The elevation near the mouth of Wilson Run is 528 ft above sea level. The elevation of the stream's source is slightly less than 920 ft above sea level.

In the past, the flow of Wilson Run was restricted by fallen trees, logs, gravel bars, and rocks. This restriction caused erosion of the banks of the stream. However, its channel was restored by 1980. Sandstone belonging to the Trimmers Rock Formation have been observed near Wilson Run.

==Watershed==
The watershed of Wilson Run has an area of 3.27 sqmi. The stream is in the United States Geological Survey quadrangle of Riverside.

Wilson Run is one of the main streams in Rush Township.

==History==
A mill was historically located on Wilson Run. It was owned by a person named Vastine.

Wilson Run was entered into the Geographic Names Information System on August 2, 1979. Its identifier in the Geographic Names Information System is 1191548. The stream was erroneously listed as a tributary of the Susquehanna River in 1978 and 1979 lawmaking.

A concrete tee beam bridge was built over Wilson Run in 1957. It is 26.9 ft long. Another bridge was built over the stream in Riverside in 1961 and repaired in 2012. It is a prestressted box beam bridge that is 32.2 ft long. A concrete slab bridge was built over the stream in Riverside in 1986. This bridge is 23.0 ft long.

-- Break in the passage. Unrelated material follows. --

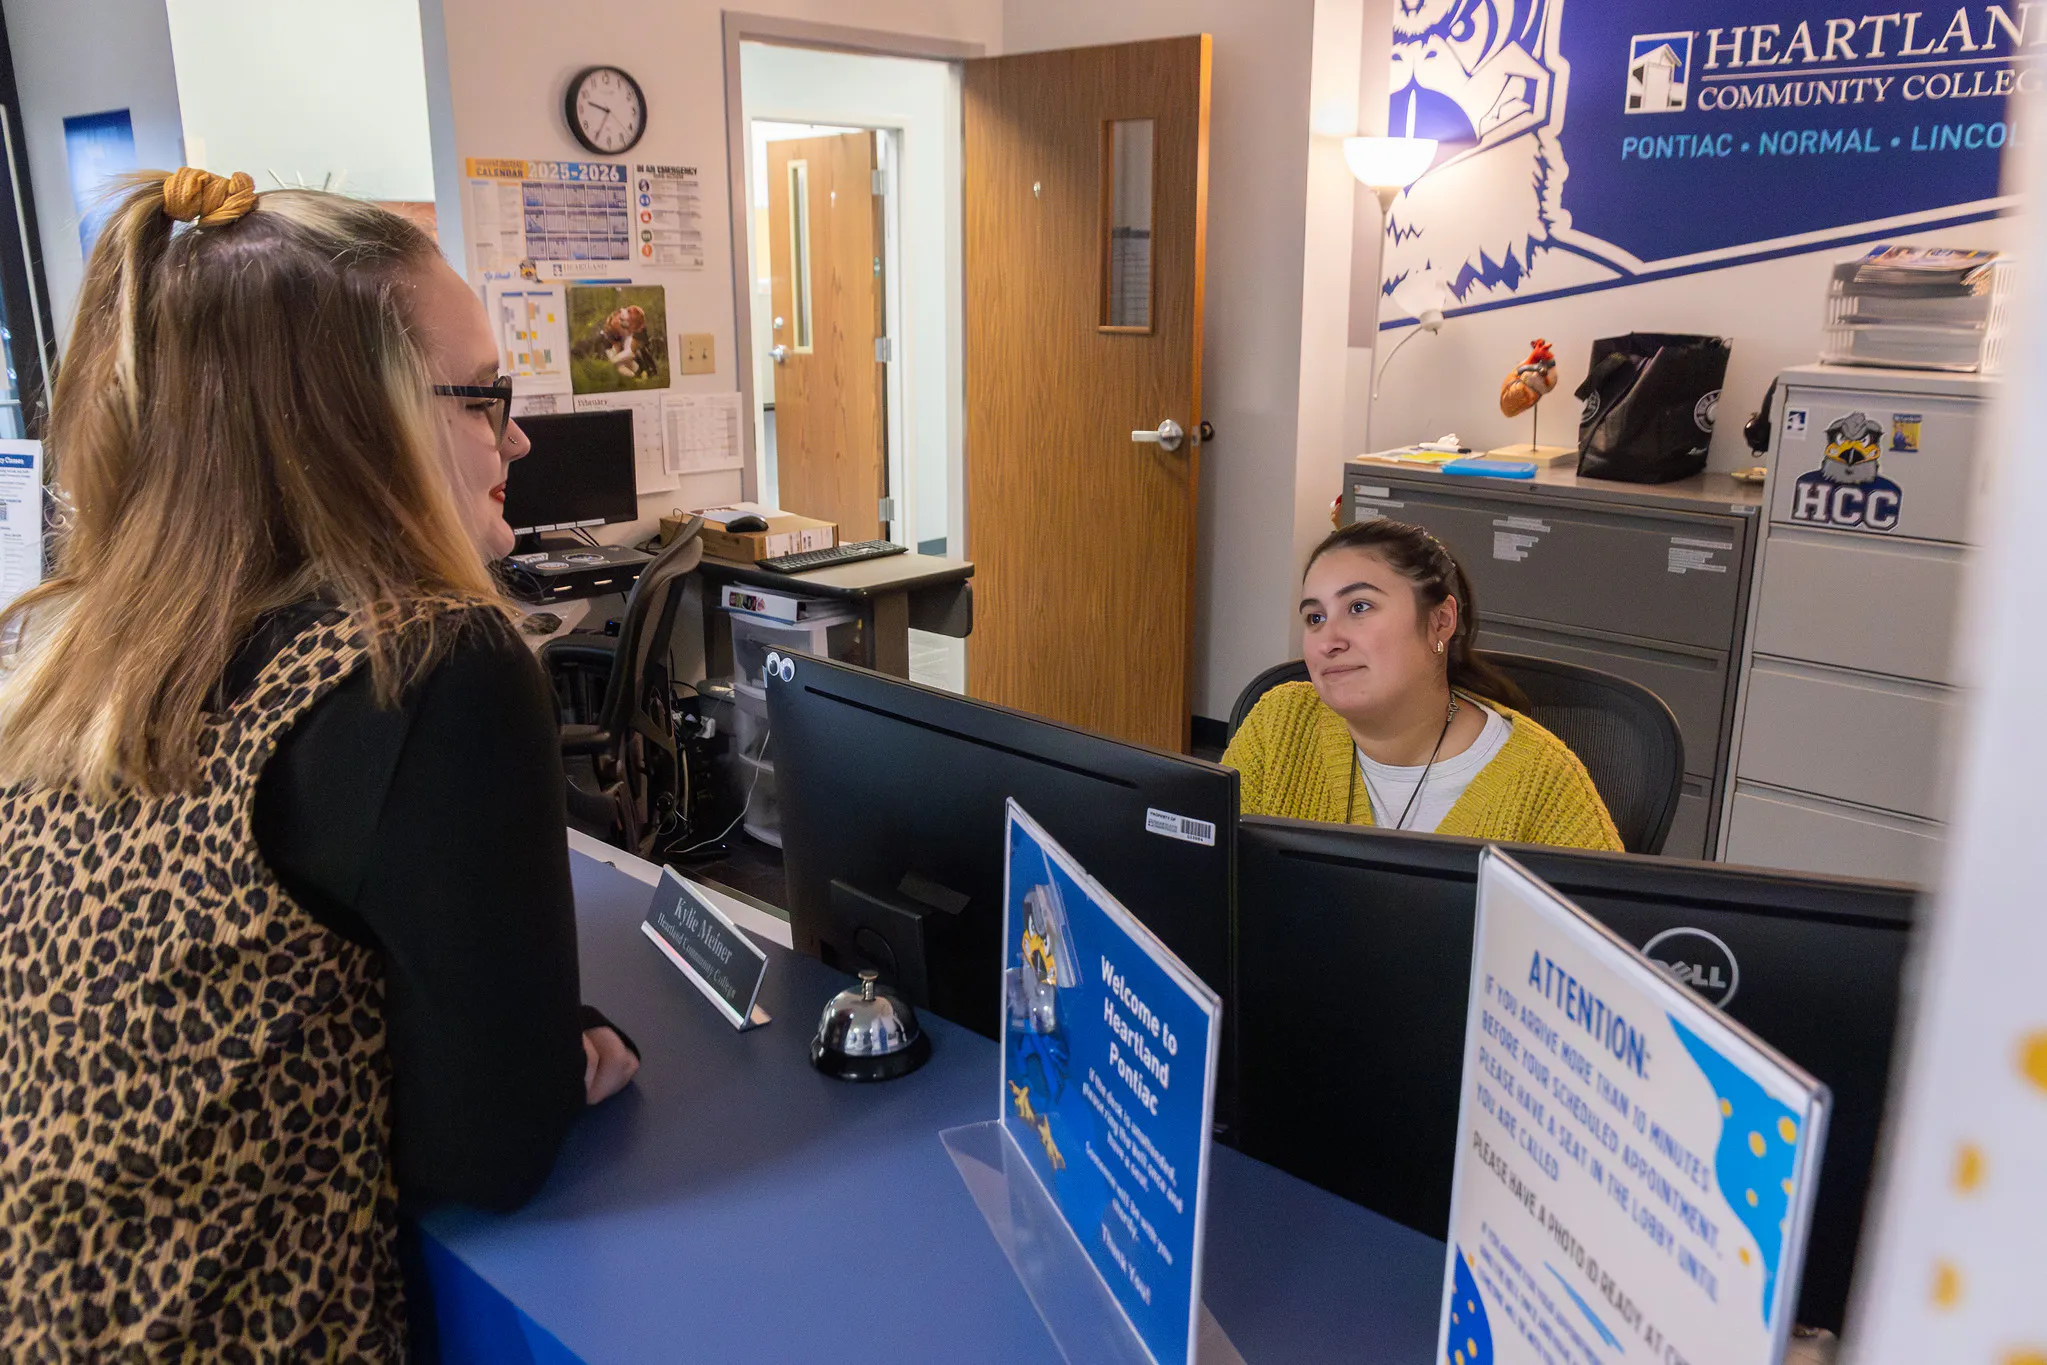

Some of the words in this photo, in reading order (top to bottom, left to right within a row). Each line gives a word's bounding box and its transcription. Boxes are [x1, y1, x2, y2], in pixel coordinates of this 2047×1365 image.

A bridge carrying Kipps Run Road over Wilson Run was replaced at some point in the past. The bridge replacement cost $60,000. This project was planned in 2012.

==Biology==
Wilson Run is considered to be a Coldwater Fishery and also a Migratory Fishery throughout its drainage basin. The right valve of a M. mytiloides fossil has been observed in a sandstone formation in the vicinity of the stream.